AirGen has several classes of camera modalities, offering unique data essential for different aspects of robotic perception and navigation. Below is a list of modalities that are available:

RGB: The most commonly used camera sensor: captures RGB/scene data.
Depth: Capture depth information to understand the spatial structure of the environment.
Segmentation: Provide segmented views of the scene, useful for object recognition and scene understanding.
Infrared: Capture thermal data, enhancing vision in low-light conditions.
Surface Normals: Provide data on surface orientation, critical for detailed object understanding.
Optical Flow: Track motion across frames, aiding in dynamic scene analysis.

Available Camera Modalities

Each camera modality is identified by an ImageType integer. The table below lists the current camera sensor modalities available in AirGen:

Camera Type	ImageType
Scene (RGB)	0
DepthPlanar	1
DepthPerspective	2
DepthVis	3
DisparityNormalized	4
Segmentation	5
SurfaceNormals	6
Infrared	7
OpticalFlow	8
OpticalFlowVis	9

Camera Placement and Configuration

AirGen vehicles typically feature five strategically placed cameras: front_center, front_right, front_left, bottom_center, and back_center.

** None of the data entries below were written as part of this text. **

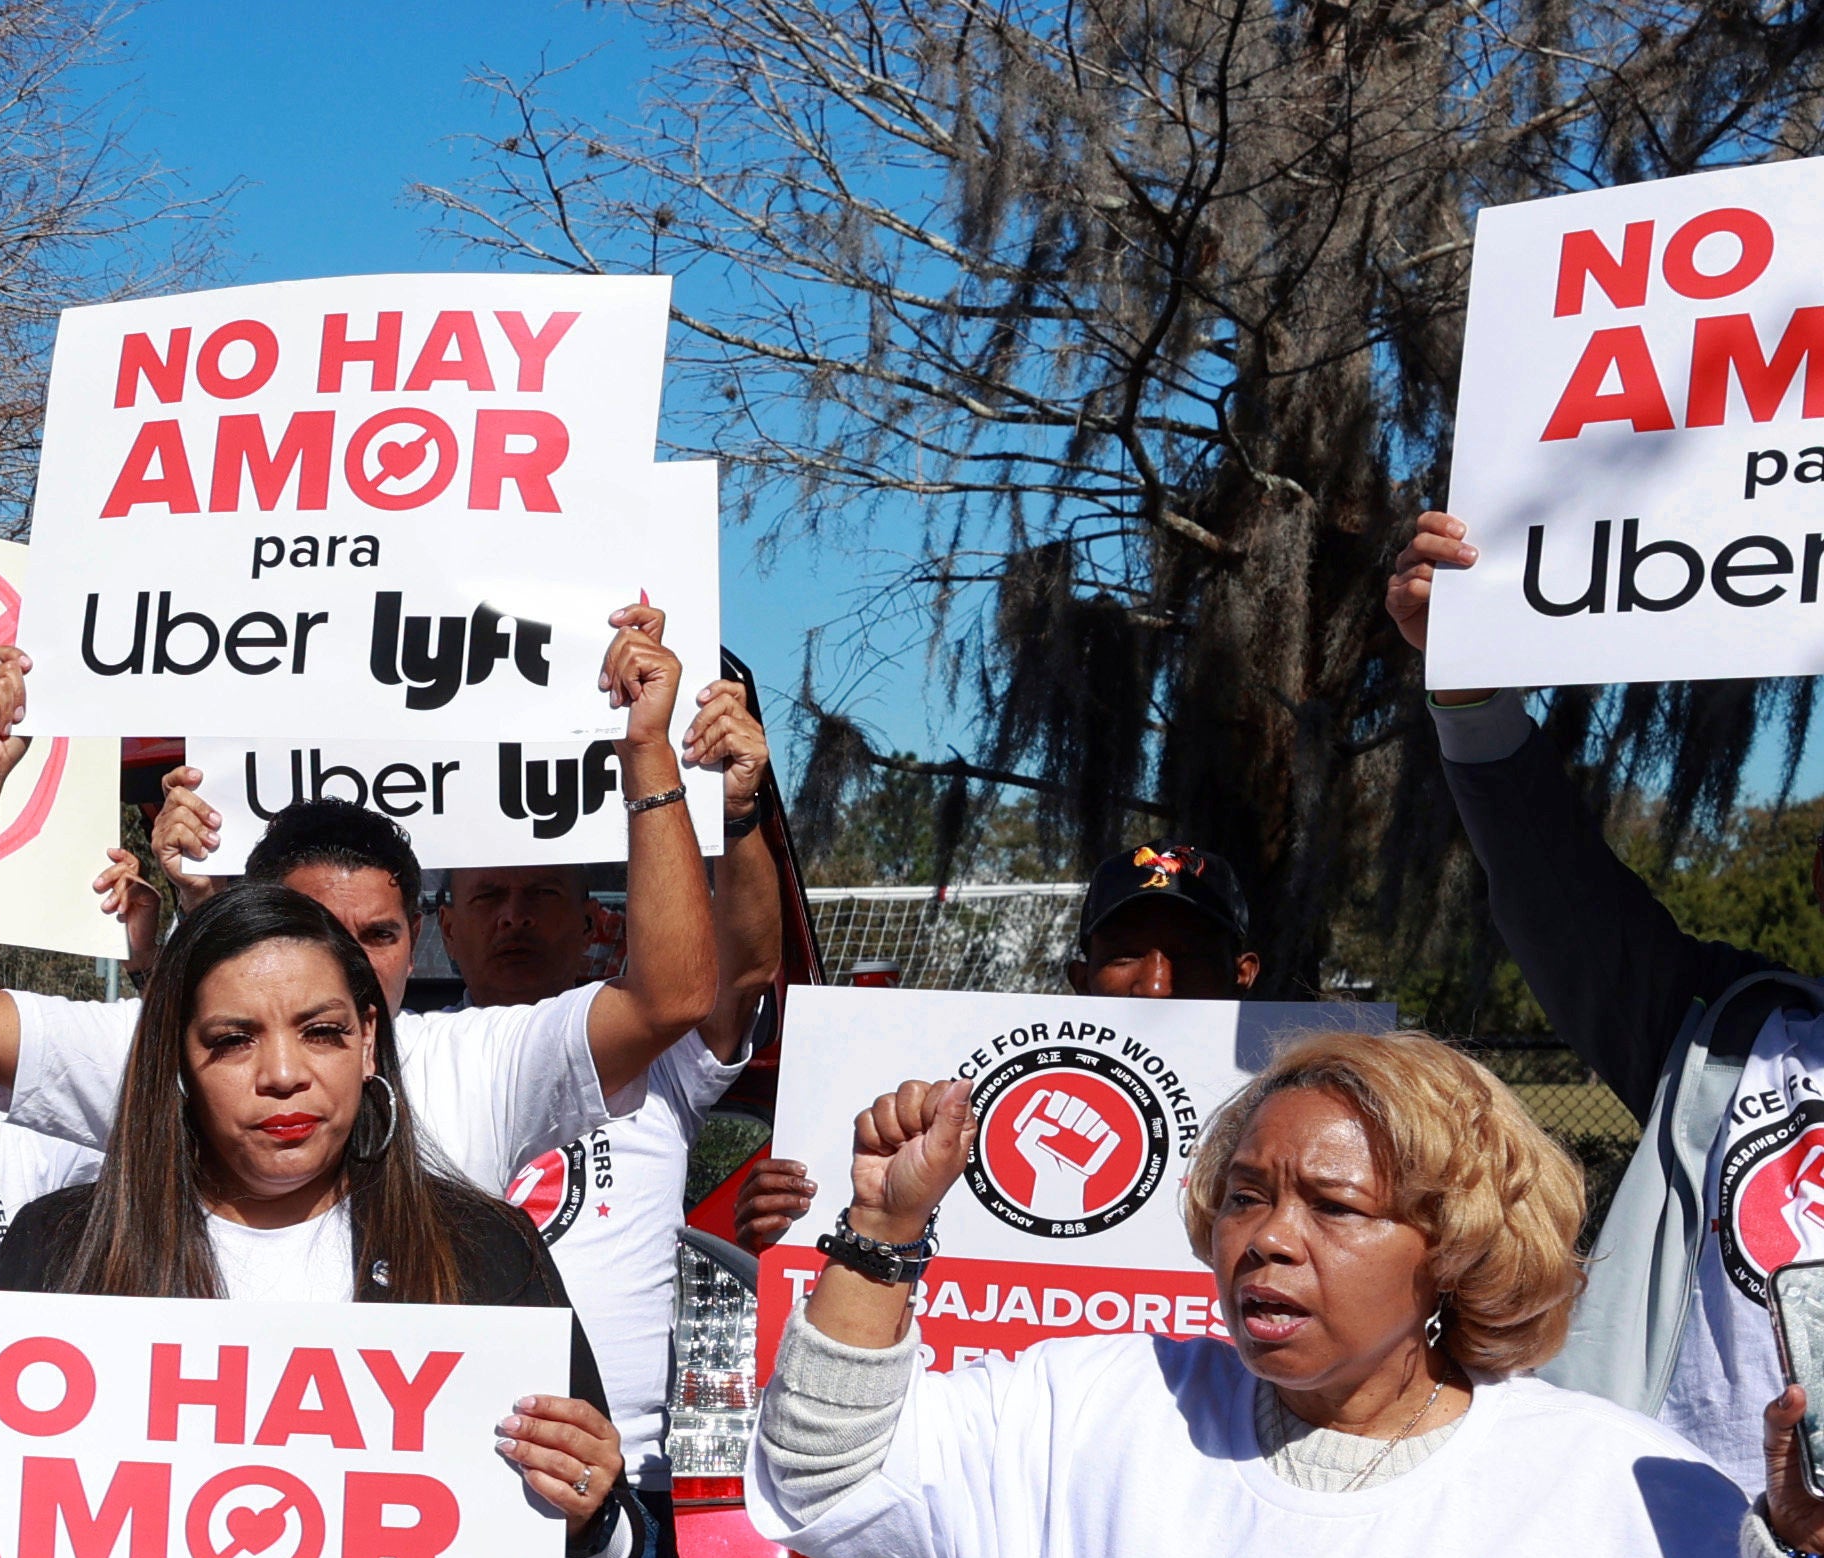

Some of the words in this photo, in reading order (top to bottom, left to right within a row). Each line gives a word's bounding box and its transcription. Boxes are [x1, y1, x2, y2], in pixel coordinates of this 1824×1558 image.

[1554, 208, 1774, 319] NO
[112, 317, 280, 407] NO
[319, 310, 580, 393] HAY
[98, 407, 570, 519] AMOR
[251, 534, 381, 579] para
[81, 589, 328, 676] Uber
[370, 591, 552, 711] lyft
[246, 748, 460, 821] Uber
[499, 741, 623, 839] lyf
[992, 1022, 1049, 1056] FOR
[1056, 1021, 1116, 1045] APP
[1121, 1037, 1202, 1160] WORKERS
[1111, 1067, 1151, 1107] JUSTICIA
[991, 1200, 1034, 1228] ADOLAT
[783, 1268, 1229, 1340] TBAJADORES
[147, 1341, 464, 1453] HAY
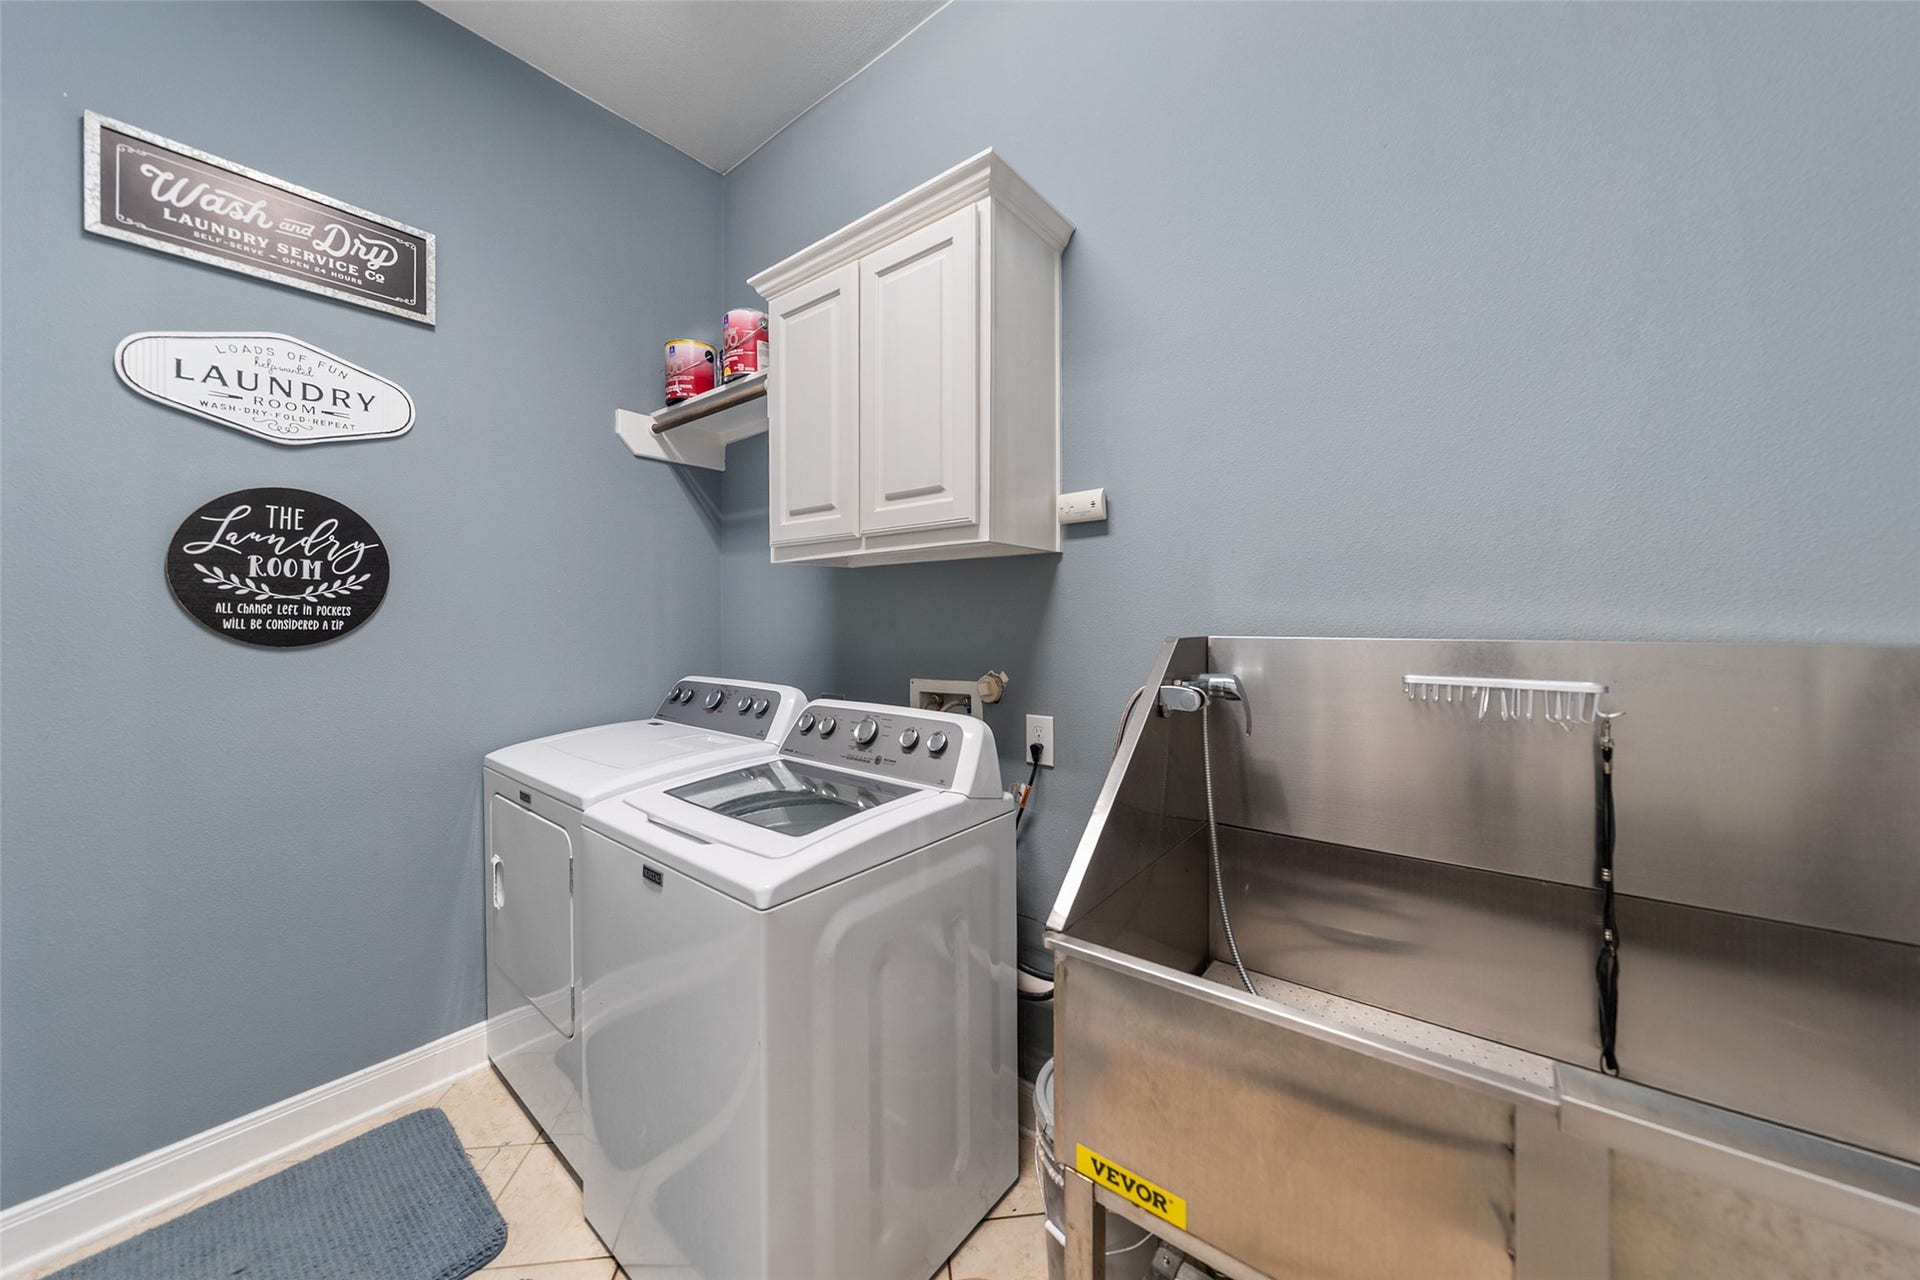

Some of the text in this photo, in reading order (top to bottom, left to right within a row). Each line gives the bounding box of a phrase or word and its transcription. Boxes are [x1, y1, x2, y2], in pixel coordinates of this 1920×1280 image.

[140, 164, 399, 270] Wash and Dry
[163, 207, 269, 249] LAUNDRY
[277, 242, 359, 276] SERVICE
[193, 231, 363, 286] SELF-SERVE OPEN 24 HOURS
[215, 344, 349, 380] LOADS OF FUN
[174, 358, 376, 413] LAUNDRY
[254, 396, 315, 415] ROOM
[183, 504, 379, 575] Laundry
[265, 504, 305, 531] THE
[247, 555, 324, 581] ROOM
[215, 602, 233, 614] ALL
[322, 620, 329, 631] A
[1090, 1157, 1168, 1214] VEVOR

These positions ensure comprehensive coverage for simulation scenarios. The desired camera can be targeted by specifically stating the string from the ones listed above.

Image Capture

Extracting and Visualizing an RGB Image

Rendering an image through any of these cameras involves two steps:

Use the getImages API: Use the getImages API to retrieve images from the desired camera, specifying the types of images (e.g., RGB, Depth). This API returns a list of images along with their associated camera poses. For example, to retrieve RGB and Depth perspective images from the front center camera (assuming the AirGen client has been set up):

# Retrieve both Scene (RGB) and Depth images from the front center camera
image_data = client.getImages(
    "front_center",
    [airgen.ImageType.Scene, airgen.ImageType.DepthPerspective]
)

The image_data is a list of tuples where each tuple contains an image and the corresponding camera pose at the time the image was captured.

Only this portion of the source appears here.